Daha gözlerini açar açmaz bütün vücudunu heyecan kaplamıştı. günlerdir içinde uçuşup duran perileri artık bugün salabilirdi, bugün o güzel gündü. yatağında hızlıca doğruldu ve günün planını yaparken odayı seyretmeye başladı.

bir bodrum katında, ışığı neredeyse tavan hizasındaki küçük pencereden alan bir odada kalıyordu. odanın ortasında camın karşısında iki kişik dev yatağı bu odanın en özel objesiydi. her zaman çok fazla konuğu olurdu, konukları tek gelirdi ve bu sayede iki kişilik yatak çoğu zaman tam kapasiteyle çalışırdı. onun içindi ya yatağın en önemli eşya olması, gelenler mutlu olmalıydı, o onları mutlu görmeyi seviyordu.
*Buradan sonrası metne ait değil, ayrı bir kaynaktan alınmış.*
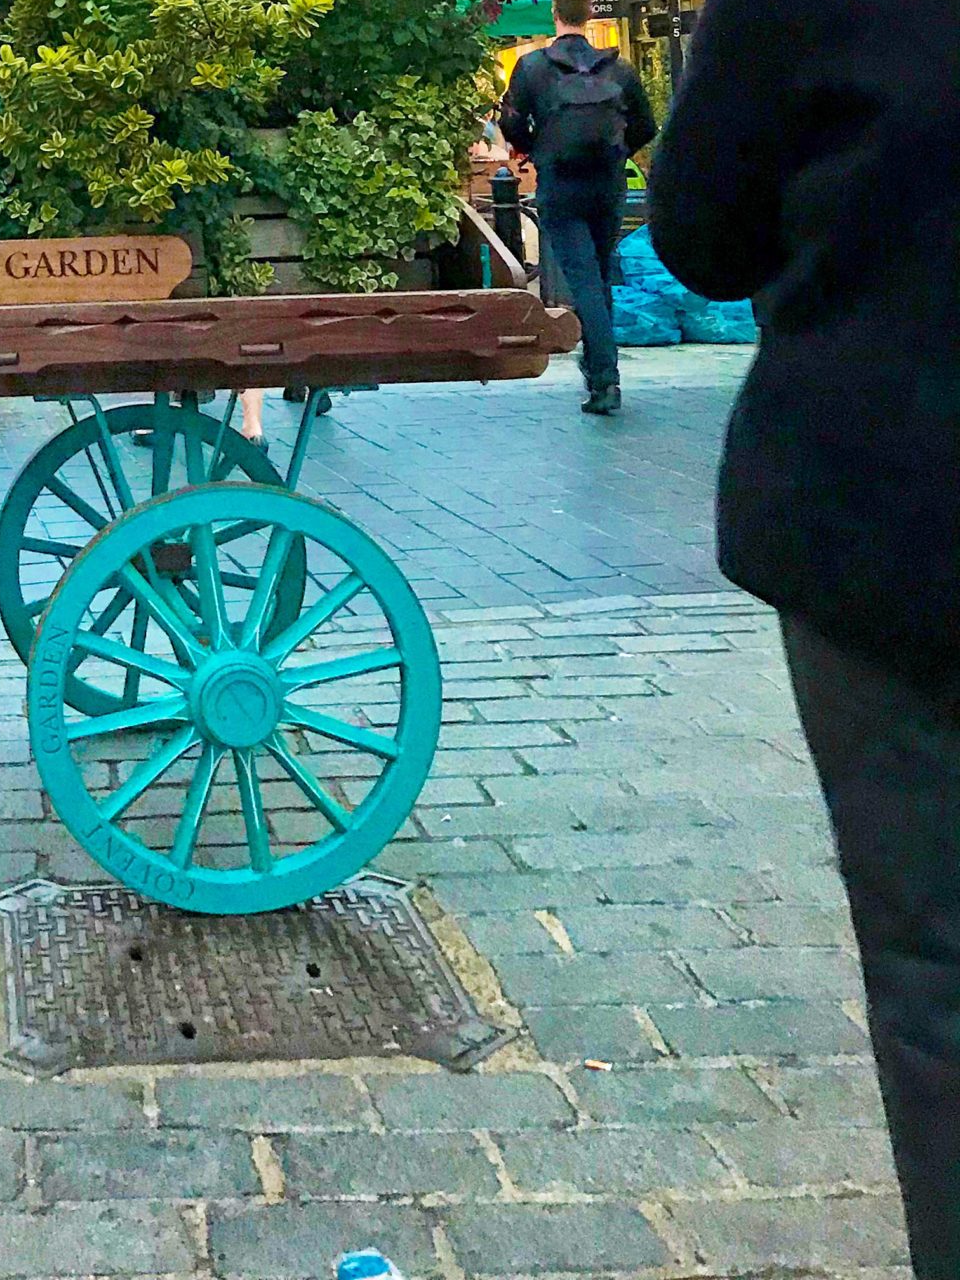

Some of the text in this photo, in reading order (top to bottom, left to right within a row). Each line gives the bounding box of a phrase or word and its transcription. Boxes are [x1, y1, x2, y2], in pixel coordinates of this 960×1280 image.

bir süre öylece boşluğa dikkatlice baktı. aslında o boşluk olarak tanımlamıyordu oda da eşyanın kaplamadığı hacmi, o hacim bile tepeleme doluydu. camdan süzülen güneş ışığı bu boş kalan hacmin sahne ışıklarıydı ve tozlar gün boyunca sahnede yorulmadan dans edebiliyordu. ayrıca saatlerce onların dansını izleyebilirdi, hipnotize edici bir özelliği vardı bu toz taneciklerinin, onlara bakarken zamanın nasıl geçtiğini anlayamazdınız. küçük, enerjik ve dünyanın en mutlu şeyleriydi. tembel hissettiği çoğu zaman olduğu gibi "haydi bir toz parçacığı kadar şımarıki ol" diyerek gülümsedi kendine ve yataktan kalktığı gibi doğruca odada en sevdiği ikinci eşyaya doğru ilerdi. eski, ihtiraslı masa aynası.
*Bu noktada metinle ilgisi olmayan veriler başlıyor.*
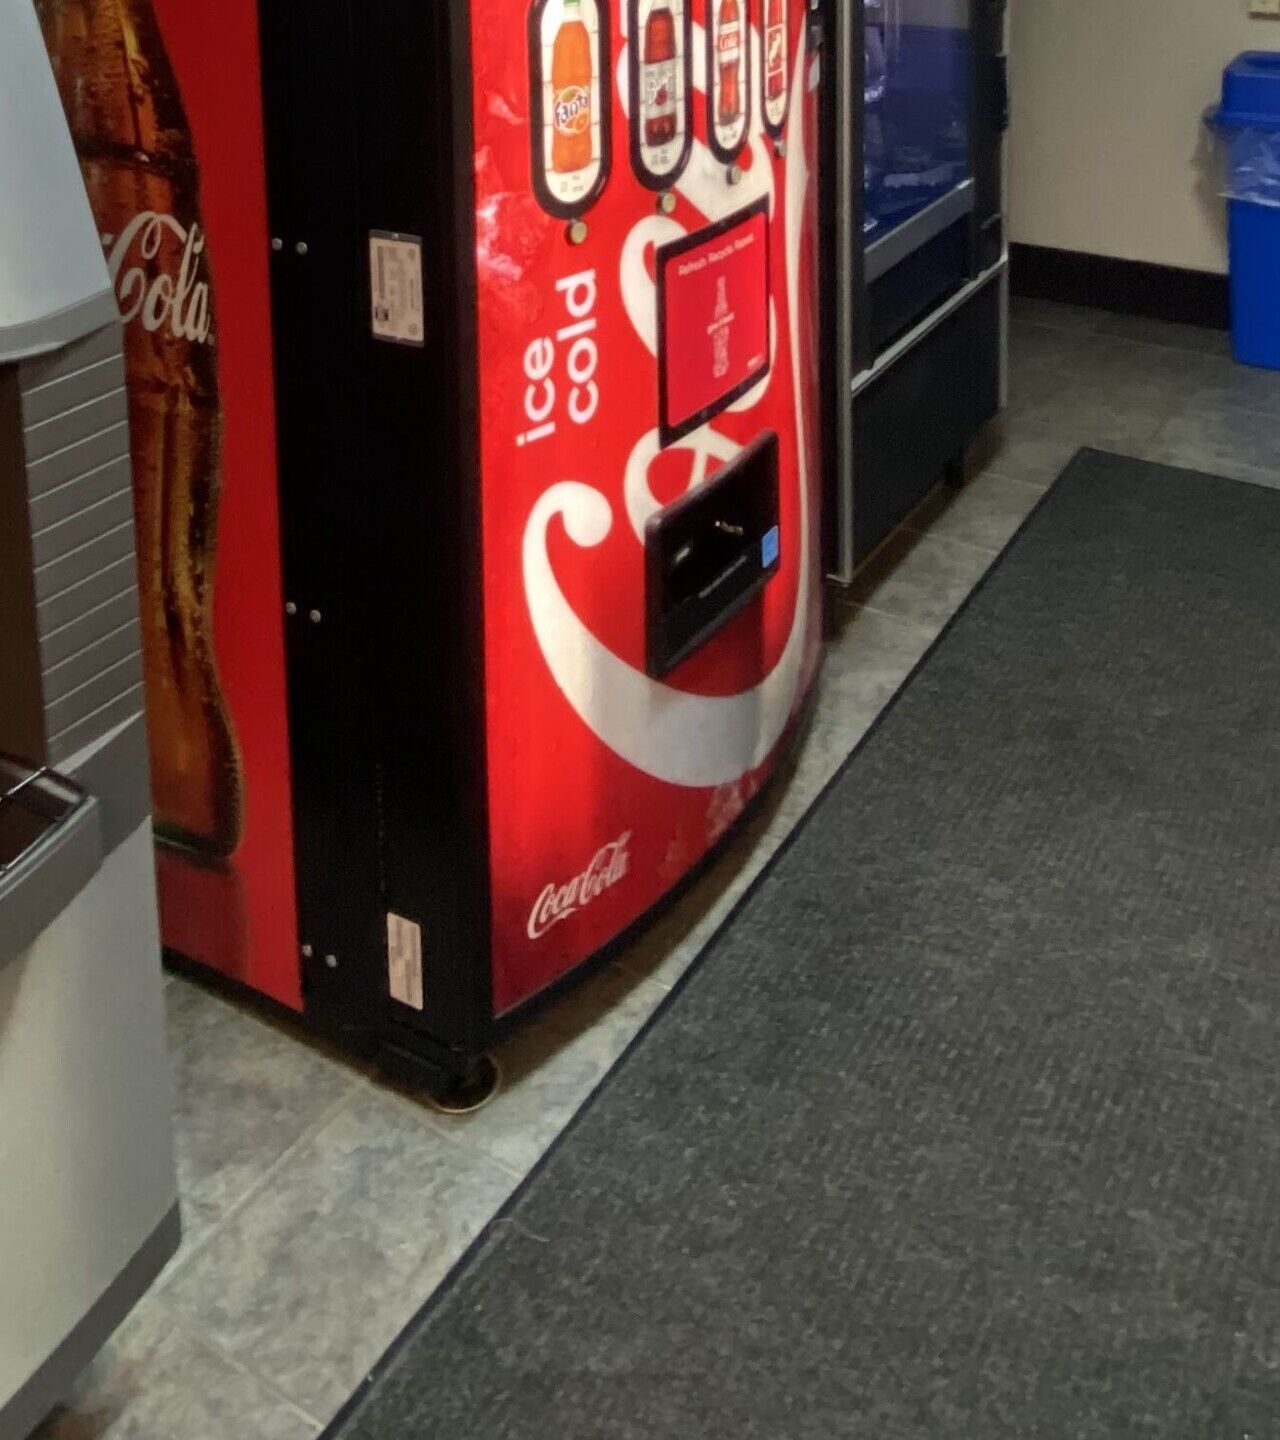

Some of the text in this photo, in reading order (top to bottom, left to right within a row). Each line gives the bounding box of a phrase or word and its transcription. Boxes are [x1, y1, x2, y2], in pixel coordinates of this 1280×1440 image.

[516, 336, 556, 447] ice
[555, 268, 599, 424] cold
[527, 828, 632, 940] Coca-Cola
yıllar aynayı eskitmişti, çoğu yeri artık ahşap renginden ziyade siyaha çalıyordu ama hala aynası onun için en güzel aynaydı. bu ayna onunla beraber bir çok misafire tanıklık etmişti ve misafirlerde o aynanın orada durmasından mutlu oluyordu. hani bazı insanları evinde gibi hissettiren bazı eşyalar vardır ya, misafirler için o eşya işte bu sevimli ayna ve yataktı.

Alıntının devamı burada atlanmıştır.